Prosecutors at the murder trial of ex-Minneapolis cop Derek Chauvin are due to wrap up their case this week — leaving open the question of whether the former officer will take the stand in his own defense.
Chauvin, 45, who is charged in the caught-on-video death of George Floyd, has the right to testify when his lawyers present their case but would then open himself up to a grilling by prosecutors.
It’s a gamble his lawyers are unlikely to take, according to legal experts.
“Chauvin doesn’t come across as a character that you want to root for because of the video,” Joseph Daly, emeritus professor at Mitchell Hamline School of Law, told the Star Tribune.
“[Prosecutors will] take him through every single second of that video and have him testify.
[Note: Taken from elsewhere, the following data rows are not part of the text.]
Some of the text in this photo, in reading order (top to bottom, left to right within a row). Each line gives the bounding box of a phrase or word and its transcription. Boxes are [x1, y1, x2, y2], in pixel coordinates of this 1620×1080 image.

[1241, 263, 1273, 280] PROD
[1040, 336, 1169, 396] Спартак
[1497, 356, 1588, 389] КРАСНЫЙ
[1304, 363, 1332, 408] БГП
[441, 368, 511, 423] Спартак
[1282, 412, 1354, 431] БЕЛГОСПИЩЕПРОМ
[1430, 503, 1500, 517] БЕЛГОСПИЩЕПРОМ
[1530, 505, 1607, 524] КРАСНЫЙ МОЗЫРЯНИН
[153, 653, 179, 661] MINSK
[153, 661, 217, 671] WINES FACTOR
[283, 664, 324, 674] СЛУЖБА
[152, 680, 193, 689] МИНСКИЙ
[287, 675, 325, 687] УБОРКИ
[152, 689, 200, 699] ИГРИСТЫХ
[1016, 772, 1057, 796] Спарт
In cross-examination, he’ll just get beat up.”
Wright, who was black, was shot and killed by police after a traffic stop — sparking a new round of protests, looting and clashes with police since Floyd’s May 25 death sent demonstrators to the streets.
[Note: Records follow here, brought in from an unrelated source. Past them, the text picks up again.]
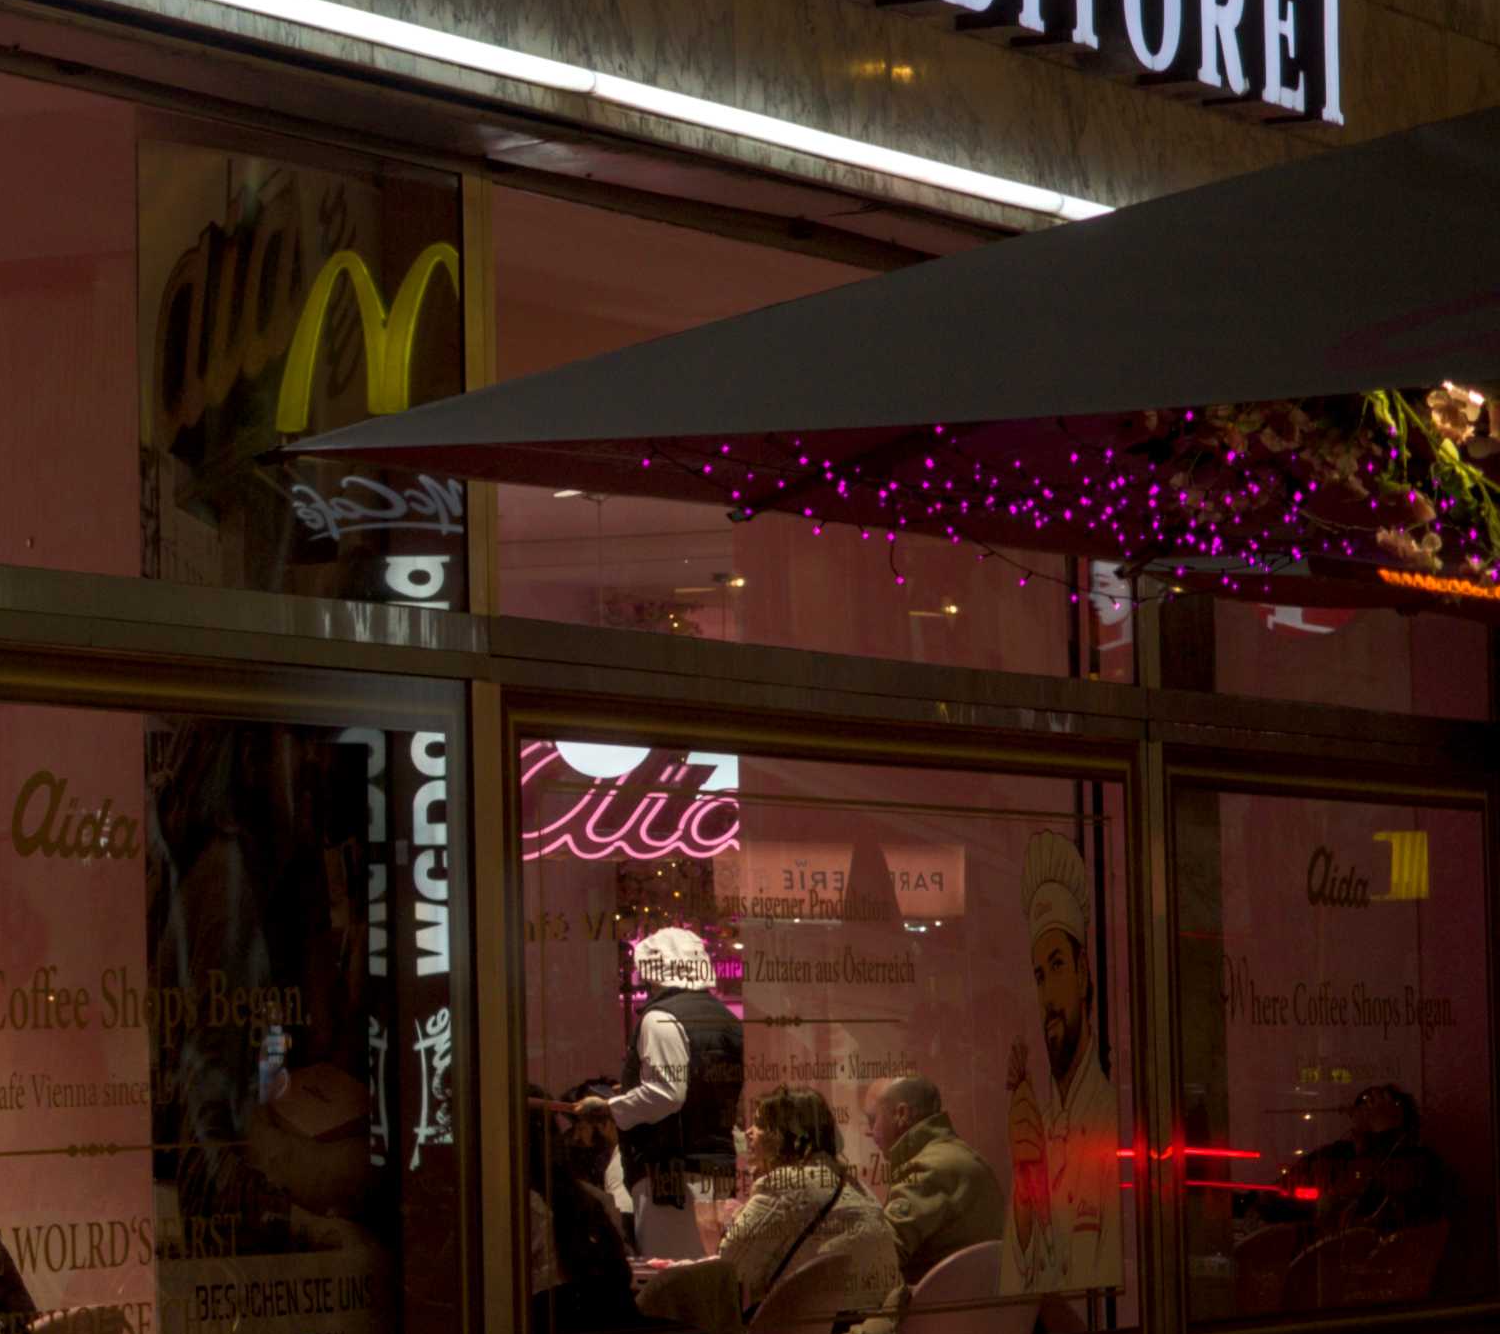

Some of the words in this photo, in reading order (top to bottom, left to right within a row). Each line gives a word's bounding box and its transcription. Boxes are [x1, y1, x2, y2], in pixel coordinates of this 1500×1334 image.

[755, 950, 813, 983] Zutaten
[816, 960, 841, 983] aus
[843, 945, 916, 985] Österreich
[101, 965, 198, 1049] Shops
[1219, 953, 1289, 1027] Where
[1293, 980, 1348, 1027] Coffee
[1351, 980, 1401, 1041] Shops
[847, 1051, 920, 1080] Marmeladen
[30, 1072, 99, 1109] Vienna
[102, 1071, 149, 1108] since
[302, 1276, 335, 1316] SIE
In court Monday, Chauvin’s lawyer, Eric Nelson, argued that the new unrest threatens to taint the jury against the former cop and asked Hennepin County District Judge Peter Cahill to order the panel sequestered for the rest of the trial.
“Ultimately, this incident, while it is, I understand, it’s not this case, I understand it does not involve the same parties,” Nelson said.
“But the problem is that the emotional response that that case creates sets the stage for a juror to say, ‘I’m not going to vote not guilty because I’m concerned about the outcome,’” he said.
But Cahill denied the request.
“I understand the argument from the defense that this now puts them even more ill at ease,” the judge said, referring to the jurors. “But I think sequestering them will only aggravate that.”
Prosecutors have focused their case on viral footage of Floyd’s death, which shows Chauvin pressing his knee to his neck for more than nine minutes.
On Monday, Dr. Jonathan Rich, a cardiac expert, testified that Floyd suffered from hypertension, anxiety and substance abuse — but had no sign of heart disease when he died.
Nelson has claimed that Floyd, who had fentanyl and methamphetamine in this system, died as a result of drug use and a heart condition — not Chauvin’s actions.
He has also repeatedly blamed a crowd of bystanders who berated the officers and pleaded with Chauvin to take his knee off Floyd’s neck.
Nelson has described the crowd as hostile and said they hampered efforts to get medical help to Floyd and created an unsafe condition for the officers.